▸ **Requirement**: This exercise calls for retyping every line below exactly, with the images omitted.

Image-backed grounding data
★ ★ ★ ★ ★

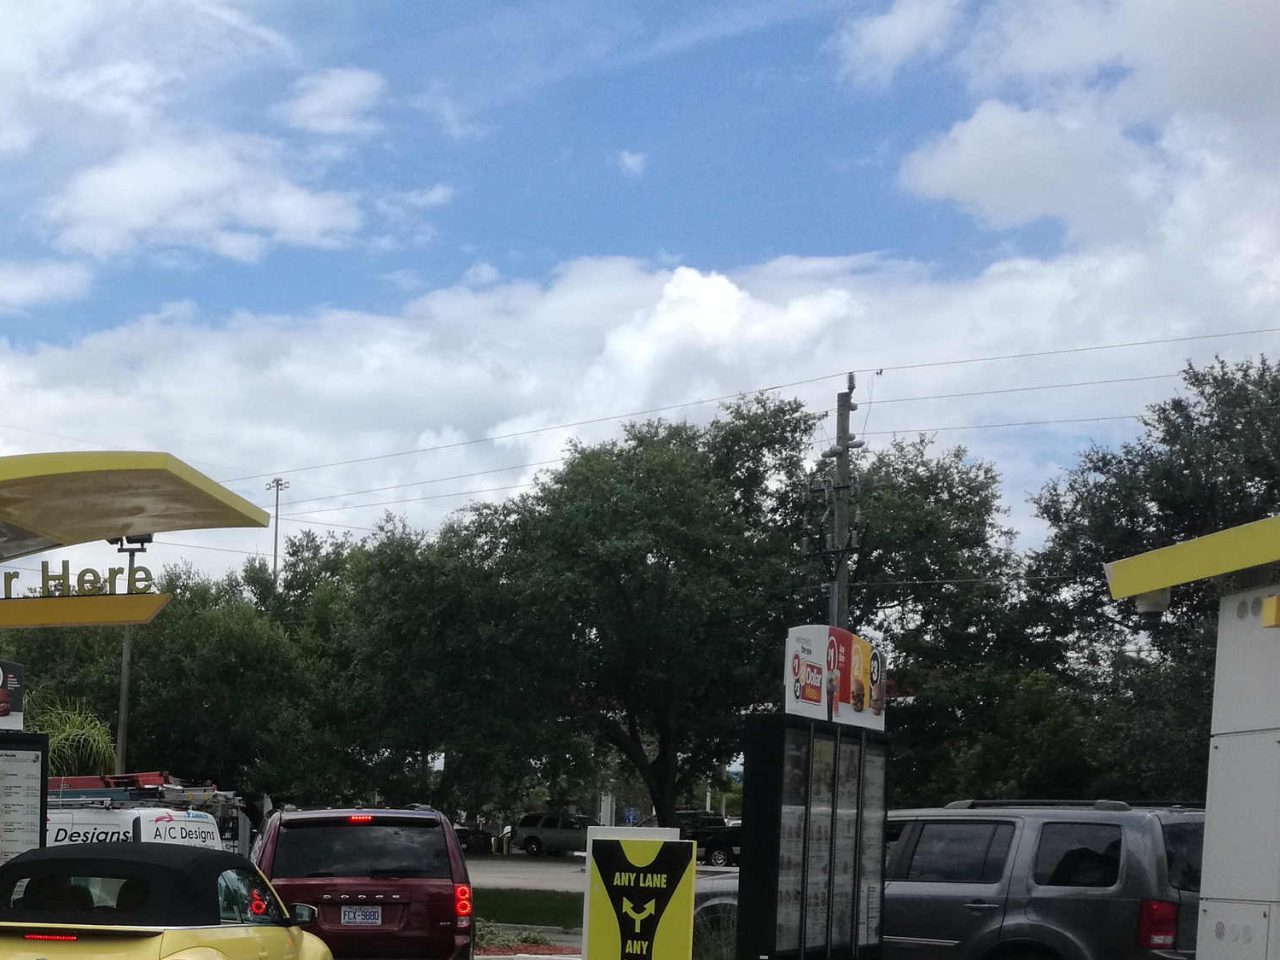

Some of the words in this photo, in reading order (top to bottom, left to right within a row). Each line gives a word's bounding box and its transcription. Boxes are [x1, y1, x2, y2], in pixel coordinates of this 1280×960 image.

[41, 559, 154, 597] Here
[54, 827, 130, 843] Designs
[154, 827, 177, 841] A/C
[180, 827, 215, 843] Designs
[613, 872, 637, 887] ANY
[639, 873, 668, 889] LANE
[625, 940, 649, 955] ANY

★ ★ ★ ★ ★

▸ **Solution for this problem**:
Some of the words in this photo, in reading order (top to bottom, left to right within a row). Each line gives a word's bounding box and its transcription. Boxes are [x1, y1, x2, y2], in pixel coordinates of this 1280×960 image.

[41, 559, 154, 597] Here
[54, 827, 130, 843] Designs
[154, 827, 177, 841] A/C
[180, 827, 215, 843] Designs
[613, 872, 637, 887] ANY
[639, 873, 668, 889] LANE
[625, 940, 649, 955] ANY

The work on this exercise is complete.